[[ Data records open ]]

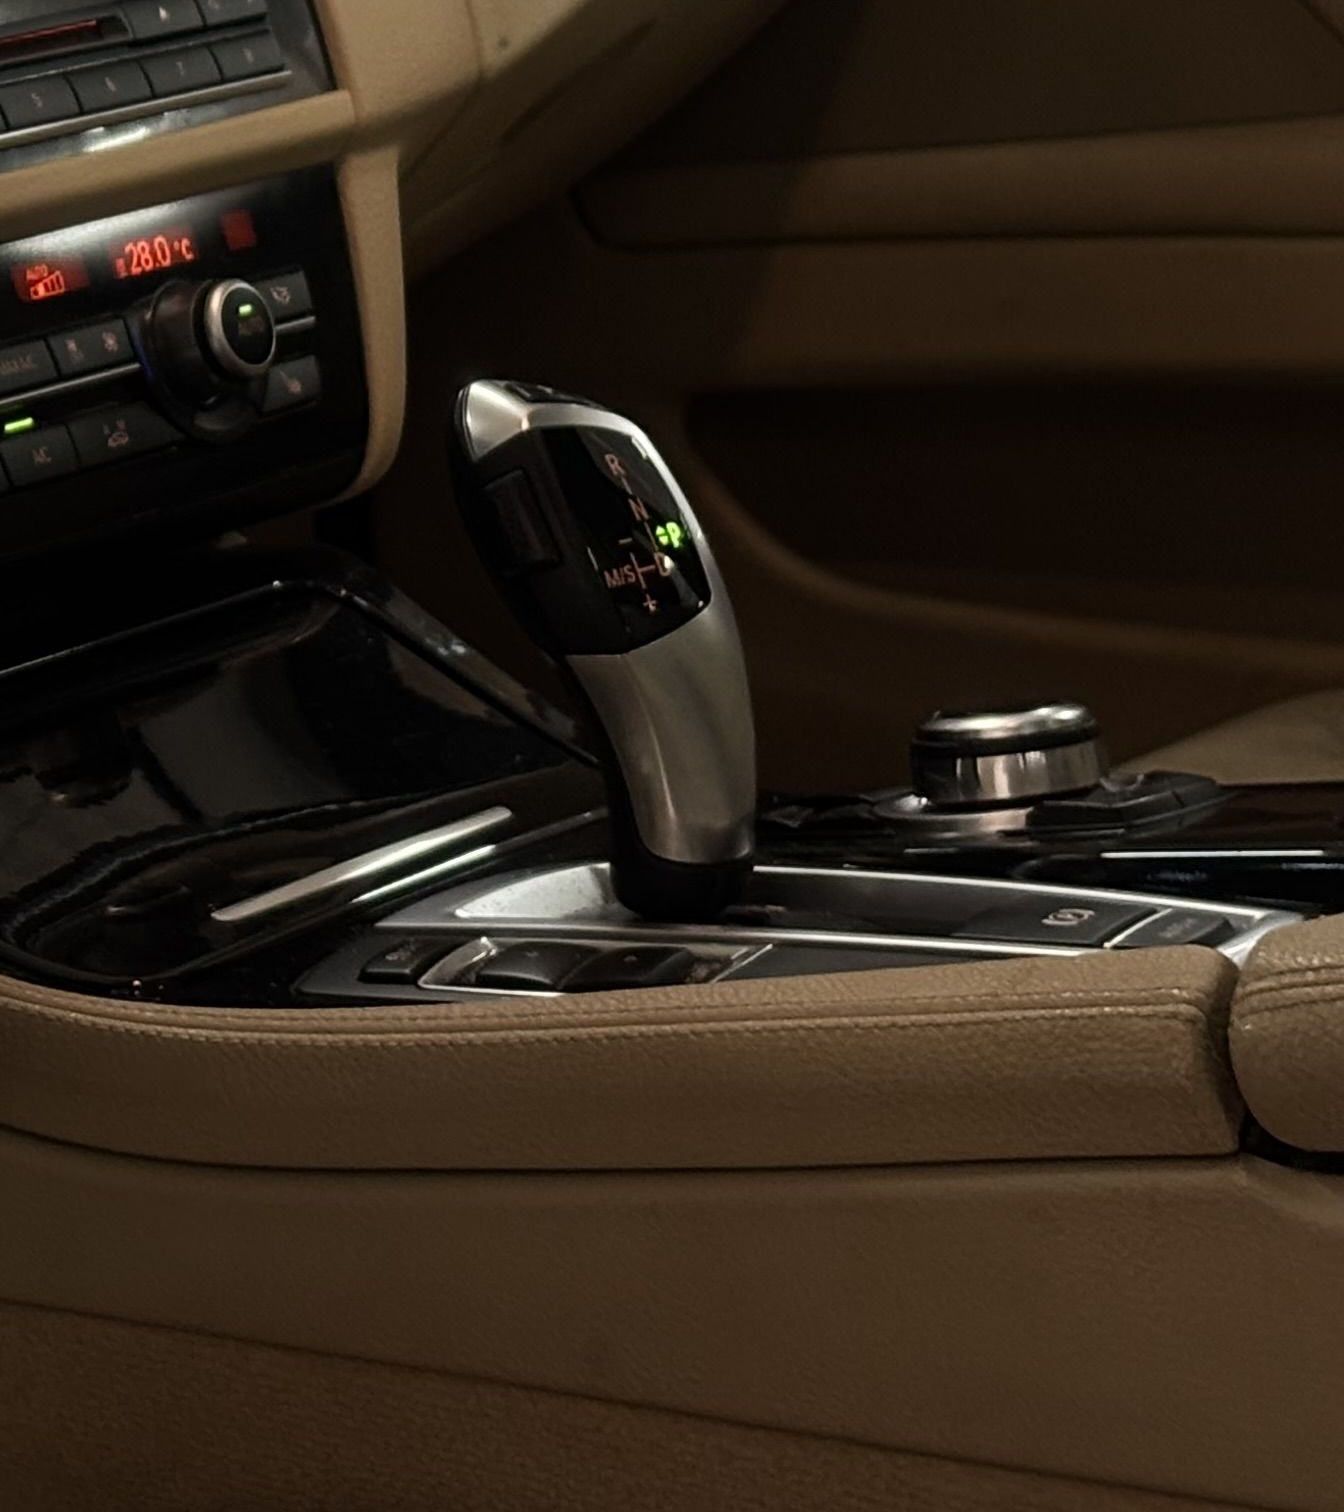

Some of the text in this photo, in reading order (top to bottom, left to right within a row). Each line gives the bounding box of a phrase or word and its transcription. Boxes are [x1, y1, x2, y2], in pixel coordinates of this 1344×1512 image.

[124, 235, 194, 276] 28.0 °C
[604, 453, 626, 476] R
[628, 497, 650, 521] N
[665, 521, 682, 548] P
[603, 564, 636, 588] M/S

[[ Data records closed ]]

## Exercise brief
Generate a word-for-word copy of the preceding records, excluding all pictures.

## Result for this exercise
Some of the text in this photo, in reading order (top to bottom, left to right within a row). Each line gives the bounding box of a phrase or word and its transcription. Boxes are [x1, y1, x2, y2], in pixel coordinates of this 1344×1512 image.

[124, 235, 194, 276] 28.0 °C
[604, 453, 626, 476] R
[628, 497, 650, 521] N
[665, 521, 682, 548] P
[603, 564, 636, 588] M/S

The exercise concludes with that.